▶ _To do_: Transcribe all records exactly.

▶ _Task data_:
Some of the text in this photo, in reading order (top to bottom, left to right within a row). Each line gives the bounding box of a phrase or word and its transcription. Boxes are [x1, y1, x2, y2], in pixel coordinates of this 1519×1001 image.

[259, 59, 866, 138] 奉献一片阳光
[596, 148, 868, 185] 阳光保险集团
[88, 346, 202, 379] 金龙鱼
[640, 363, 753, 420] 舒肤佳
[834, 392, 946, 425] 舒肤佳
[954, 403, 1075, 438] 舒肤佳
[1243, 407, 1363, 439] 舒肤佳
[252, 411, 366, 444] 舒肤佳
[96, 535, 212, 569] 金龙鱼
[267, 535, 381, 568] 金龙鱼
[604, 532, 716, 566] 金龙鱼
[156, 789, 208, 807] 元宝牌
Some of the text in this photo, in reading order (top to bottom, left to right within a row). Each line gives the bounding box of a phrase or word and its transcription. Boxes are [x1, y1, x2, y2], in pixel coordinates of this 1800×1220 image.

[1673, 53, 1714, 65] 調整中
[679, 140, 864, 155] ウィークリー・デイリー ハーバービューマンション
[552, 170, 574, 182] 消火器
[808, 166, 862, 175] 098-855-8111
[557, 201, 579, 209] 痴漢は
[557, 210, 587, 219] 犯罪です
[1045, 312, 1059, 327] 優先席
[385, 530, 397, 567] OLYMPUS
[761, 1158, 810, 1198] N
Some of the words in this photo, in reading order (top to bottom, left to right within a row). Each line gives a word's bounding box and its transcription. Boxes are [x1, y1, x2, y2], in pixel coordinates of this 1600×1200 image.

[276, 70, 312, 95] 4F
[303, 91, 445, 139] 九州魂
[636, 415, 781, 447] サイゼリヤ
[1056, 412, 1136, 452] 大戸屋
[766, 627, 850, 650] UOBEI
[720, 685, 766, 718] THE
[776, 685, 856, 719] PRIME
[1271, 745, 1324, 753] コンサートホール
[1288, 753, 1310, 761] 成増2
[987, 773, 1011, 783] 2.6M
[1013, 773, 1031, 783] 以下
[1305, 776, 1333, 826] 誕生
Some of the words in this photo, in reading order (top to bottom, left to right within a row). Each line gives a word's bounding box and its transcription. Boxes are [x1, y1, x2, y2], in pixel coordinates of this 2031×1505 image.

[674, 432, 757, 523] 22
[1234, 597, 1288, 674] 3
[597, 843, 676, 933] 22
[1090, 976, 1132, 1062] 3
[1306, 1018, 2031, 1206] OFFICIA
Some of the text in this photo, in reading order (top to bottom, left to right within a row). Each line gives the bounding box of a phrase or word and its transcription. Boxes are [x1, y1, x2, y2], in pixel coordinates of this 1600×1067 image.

▶ _Solution for this exercise_:
Some of the text in this photo, in reading order (top to bottom, left to right within a row). Each line gives the bounding box of a phrase or word and its transcription. Boxes are [x1, y1, x2, y2], in pixel coordinates of this 1519×1001 image.

[259, 59, 866, 138] 奉献一片阳光
[596, 148, 868, 185] 阳光保险集团
[88, 346, 202, 379] 金龙鱼
[640, 363, 753, 420] 舒肤佳
[834, 392, 946, 425] 舒肤佳
[954, 403, 1075, 438] 舒肤佳
[1243, 407, 1363, 439] 舒肤佳
[252, 411, 366, 444] 舒肤佳
[96, 535, 212, 569] 金龙鱼
[267, 535, 381, 568] 金龙鱼
[604, 532, 716, 566] 金龙鱼
[156, 789, 208, 807] 元宝牌
Some of the text in this photo, in reading order (top to bottom, left to right within a row). Each line gives the bounding box of a phrase or word and its transcription. Boxes are [x1, y1, x2, y2], in pixel coordinates of this 1800×1220 image.

[1673, 53, 1714, 65] 調整中
[679, 140, 864, 155] ウィークリー・デイリー ハーバービューマンション
[552, 170, 574, 182] 消火器
[808, 166, 862, 175] 098-855-8111
[557, 201, 579, 209] 痴漢は
[557, 210, 587, 219] 犯罪です
[1045, 312, 1059, 327] 優先席
[385, 530, 397, 567] OLYMPUS
[761, 1158, 810, 1198] N
Some of the words in this photo, in reading order (top to bottom, left to right within a row). Each line gives a word's bounding box and its transcription. Boxes are [x1, y1, x2, y2], in pixel coordinates of this 1600×1200 image.

[276, 70, 312, 95] 4F
[303, 91, 445, 139] 九州魂
[636, 415, 781, 447] サイゼリヤ
[1056, 412, 1136, 452] 大戸屋
[766, 627, 850, 650] UOBEI
[720, 685, 766, 718] THE
[776, 685, 856, 719] PRIME
[1271, 745, 1324, 753] コンサートホール
[1288, 753, 1310, 761] 成増2
[987, 773, 1011, 783] 2.6M
[1013, 773, 1031, 783] 以下
[1305, 776, 1333, 826] 誕生
Some of the words in this photo, in reading order (top to bottom, left to right within a row). Each line gives a word's bounding box and its transcription. Boxes are [x1, y1, x2, y2], in pixel coordinates of this 2031×1505 image.

[674, 432, 757, 523] 22
[1234, 597, 1288, 674] 3
[597, 843, 676, 933] 22
[1090, 976, 1132, 1062] 3
[1306, 1018, 2031, 1206] OFFICIA
Some of the text in this photo, in reading order (top to bottom, left to right within a row). Each line gives the bounding box of a phrase or word and its transcription. Boxes are [x1, y1, x2, y2], in pixel coordinates of this 1600×1067 image.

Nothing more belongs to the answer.